Sara Rauch's Playlist for Her Story Collection "What Shines from It"

What Shines from It

In the Book Notes series, authors create and discuss a music playlist that relates in some way to their recently published book.

Previous contributors include Jesmyn Ward, Lauren Groff, Bret Easton Ellis, Celeste Ng, T.C. Boyle, Dana Spiotta, Amy Bloom, Aimee Bender, Heidi Julavits, Roxane Gay, and many others.

Sara Rauch's impressive story collection What Shines from It was awarded Alternating Current's Electric Book Award.

Eric Shonkwiler wrote of the book:

"Complex, tender, and deeply human."


In her own words, here is Sara Rauch's Book Notes music playlist for her story collection What Shines from It:


Music has always been an experience for me—I am sensitive to sound and mood, words and notes—and I can’t listen to anything while I write or revise. Mostly I listen when I’m walking or driving, times when I can absorb songs, allow them into my body, where they live, almost like ghosts. A lot of these songs make appearances in the book. Some of them are part of me the way family stories become part of a person—they’ve accompanied me through life, informing how I see the world. There is so much that changes as time goes by, but a beloved song remains constant.



“Wildewoman” by Lucius
My female characters tend toward the feral, and I think of this song as their collective anthem. I love the incongruousness of gorgeous harmony and gritty intention here: the woman they’re singing about defies all notions of femininity, but “you love her anyway.”
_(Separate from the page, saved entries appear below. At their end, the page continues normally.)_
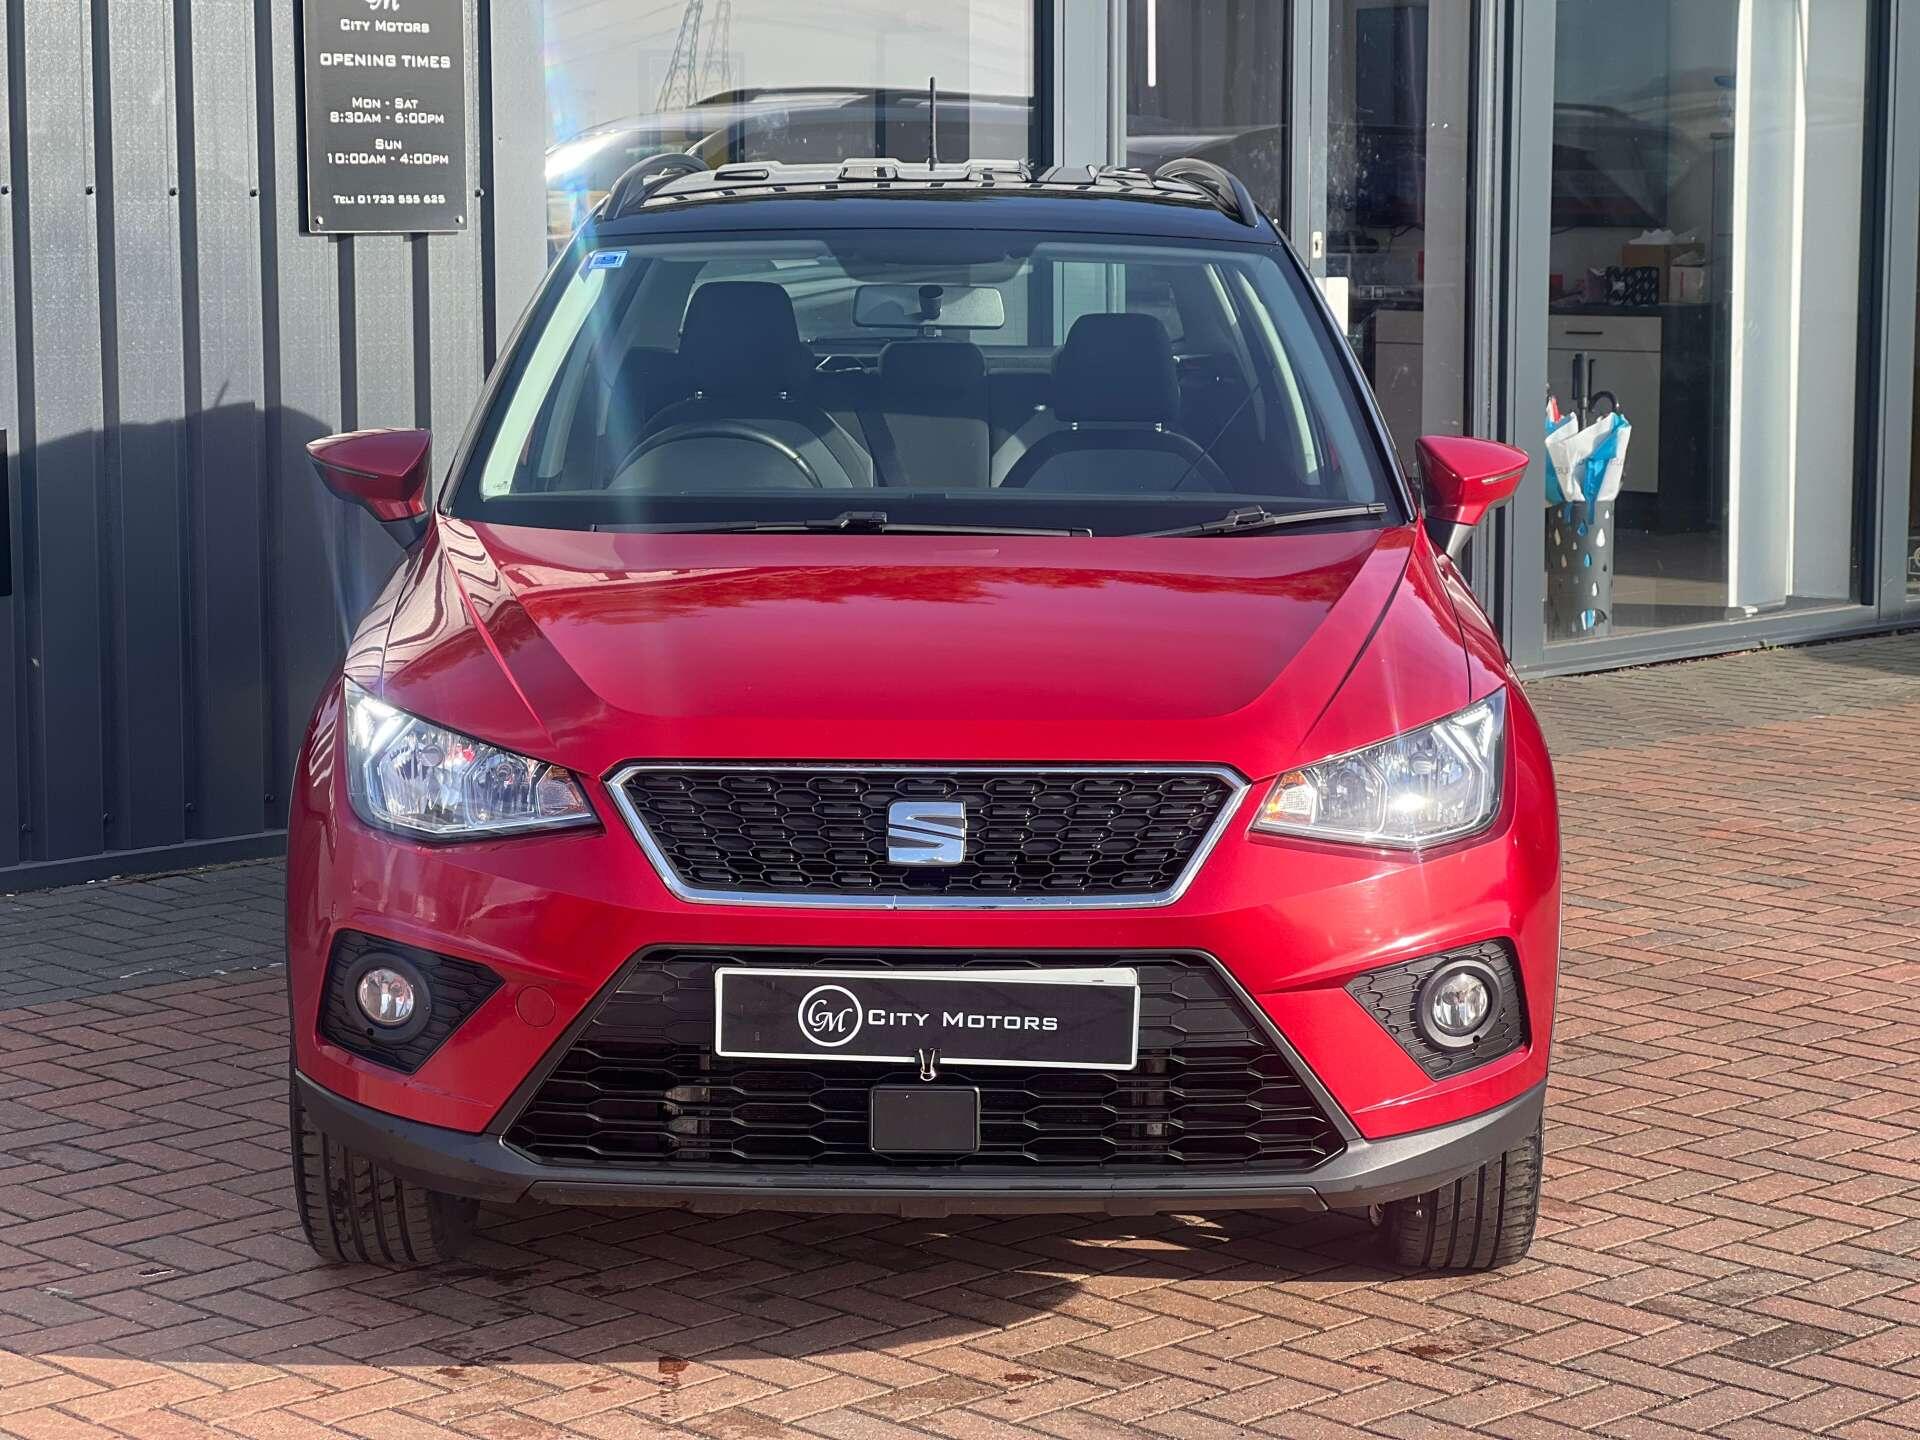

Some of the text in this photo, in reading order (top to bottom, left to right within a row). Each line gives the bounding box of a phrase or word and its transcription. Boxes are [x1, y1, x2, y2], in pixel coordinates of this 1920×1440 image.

[340, 18, 430, 34] CITY MOTORS
[319, 52, 451, 69] OPENING TIMES
[351, 97, 381, 109] MON
[394, 97, 419, 110] SAT
[329, 111, 381, 124] 8:30AM
[394, 112, 445, 124] 6:00PM
[375, 138, 403, 150] SUN
[327, 152, 386, 165] 10:00AM
[399, 152, 449, 165] 4:00PM
[357, 194, 395, 205] 01733
[868, 1009, 930, 1027] CITY
[942, 1011, 1058, 1031] MOTORS
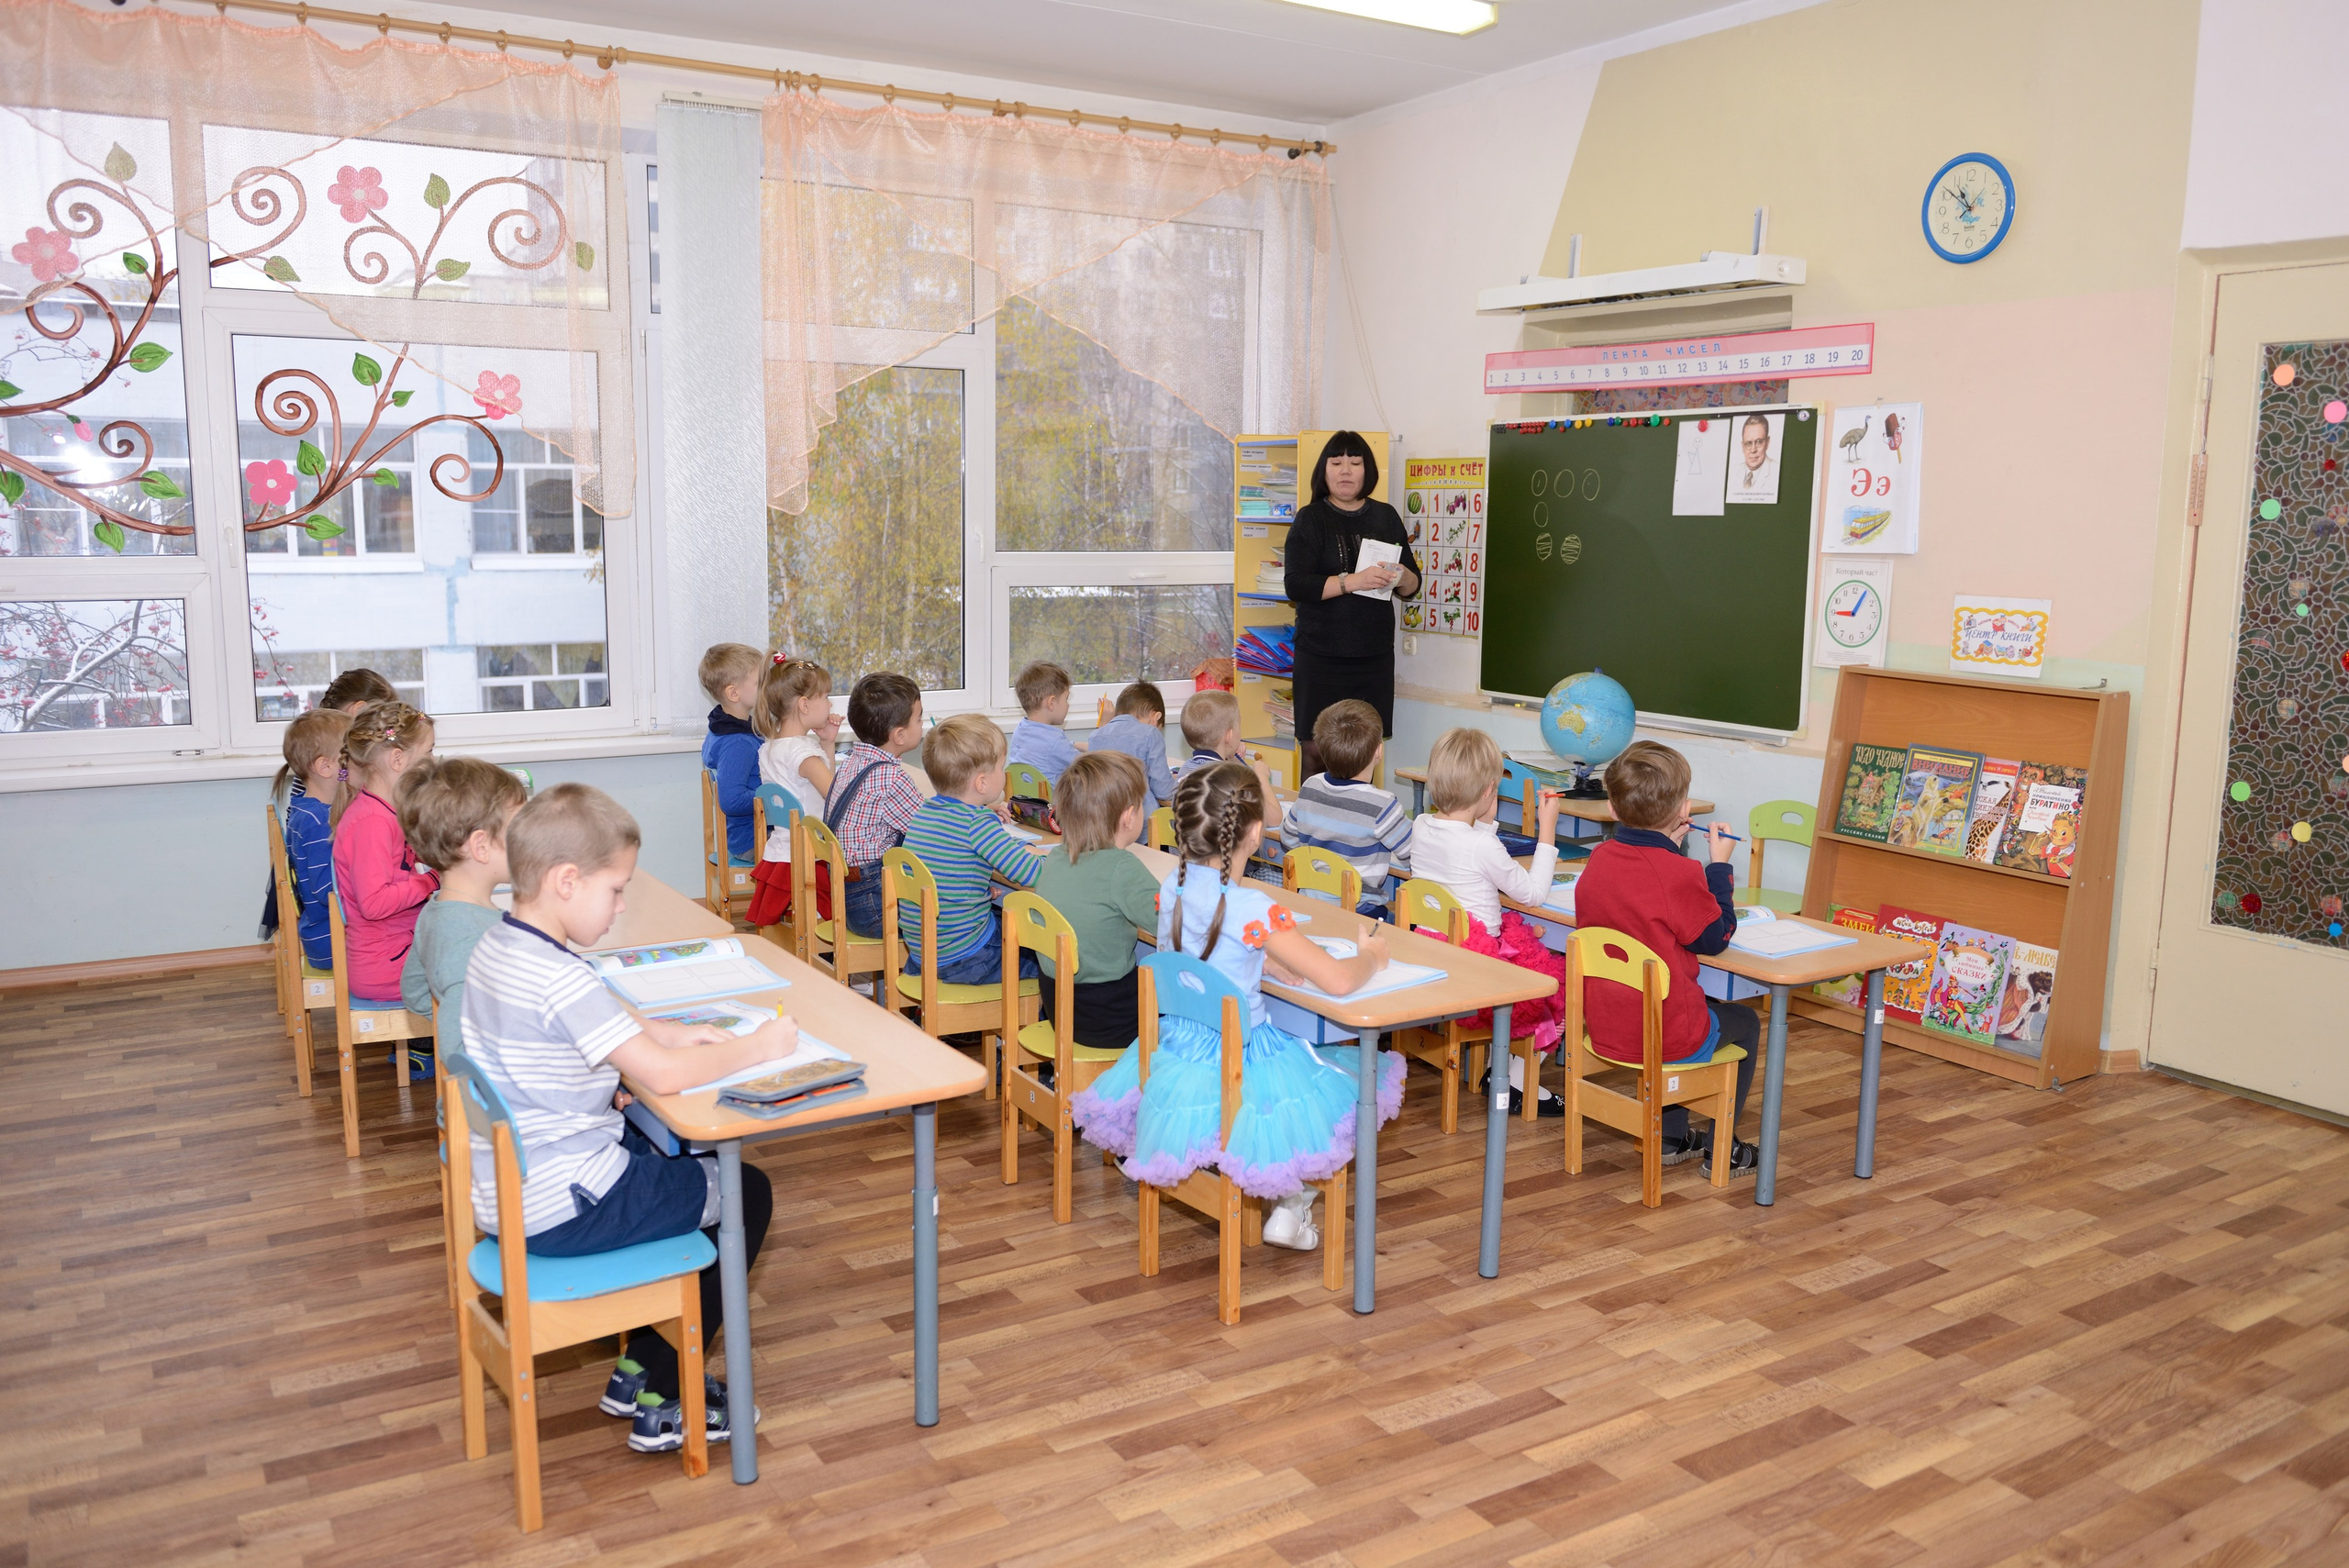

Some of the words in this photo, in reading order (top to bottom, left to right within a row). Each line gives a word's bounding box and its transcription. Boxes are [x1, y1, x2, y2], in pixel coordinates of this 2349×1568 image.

[1954, 174, 1961, 187] 11
[1966, 168, 1976, 182] 12
[1991, 182, 1999, 195] 2
[1939, 206, 1946, 217] 9
[1995, 199, 2003, 212] 3
[1942, 222, 1950, 234] 8
[1990, 217, 1998, 228] 4
[1953, 232, 1959, 245] 7
[1980, 229, 1987, 242] 5
[1965, 236, 1973, 249] 6
[1602, 350, 1648, 360] ЛЕНТА
[1665, 343, 1720, 356] ЧИСЕЛ
[1505, 373, 1508, 383] 2
[1521, 373, 1525, 381] 3
[1537, 372, 1542, 380] 4
[1554, 371, 1558, 380] 5
[1570, 370, 1575, 379] 6
[1587, 369, 1592, 378] 7
[1605, 368, 1609, 377] 8
[1623, 367, 1628, 376] 9
[1640, 366, 1648, 375] 10
[1658, 365, 1666, 374] 11
[1678, 363, 1687, 373] 12
[1698, 361, 1708, 372] 13
[1719, 361, 1728, 371] 14
[1739, 359, 1749, 369] 15
[1760, 357, 1770, 367] 16
[1782, 355, 1792, 365] 17
[1804, 353, 1815, 364] 18
[1828, 351, 1839, 362] 19
[1852, 350, 1863, 361] 20
[1409, 464, 1447, 477] ЦИФРЫ
[1460, 462, 1484, 476] СЧЁТ
[1433, 493, 1440, 513] 1
[1474, 493, 1482, 513] 6
[1431, 522, 1440, 541] 2
[1473, 524, 1480, 542] 7
[1431, 551, 1439, 571] 3
[1470, 552, 1478, 573] 8
[1836, 568, 1864, 577] Который
[1429, 580, 1438, 599] 4
[1470, 582, 1477, 602] 9
[1430, 608, 1437, 628] 5
[1466, 611, 1479, 631] 10
[1855, 746, 1875, 765] ЧУДО
[1876, 749, 1906, 772] ЧУДНОЕ
[1911, 758, 1972, 779] ВНИМАНИЕ
[2030, 798, 2070, 811] БУРАТИНО
[2032, 794, 2072, 803] ПРИКЛЮЧЕНИЯ
[1865, 832, 1886, 840] СКАЗКИ
[1951, 965, 1987, 980] СКАЗКИ
[315, 985, 320, 994] 2
[363, 1021, 370, 1030] 3
[1672, 1080, 1675, 1089] 2
[1502, 1096, 1507, 1106] 2
“Maybe Sparrow” by Neko Case
There’s something so appealing about Case’s soaring, rich voice, and this is one of my favorites of hers. It’s at once tender and cautious and mournful... and yet, stormy and hopeful? No matter how many times I listen to it, I can’t put my finger on her intention, but something about her keening makes me not mind.

“Is This Love” by Bob Marley
My first love was a devoted Bob Markey fan, and through him, I absorbed Marley’s musical oeuvre. For a long time after we split up, I didn’t listen to Marley at all, but then, slowly, in my early 30s, his songs started trickling back into my consciousness. “Is This Love” has an easy beat, and a sweet declaration, but at its center is a question—one that can be so hard to answer, especially when young. I wrote “Secondhand” before casting around for the Marley lyrics I wanted to include in it, and when I got to this one, I nearly laughed at the coincidence of lyric and image.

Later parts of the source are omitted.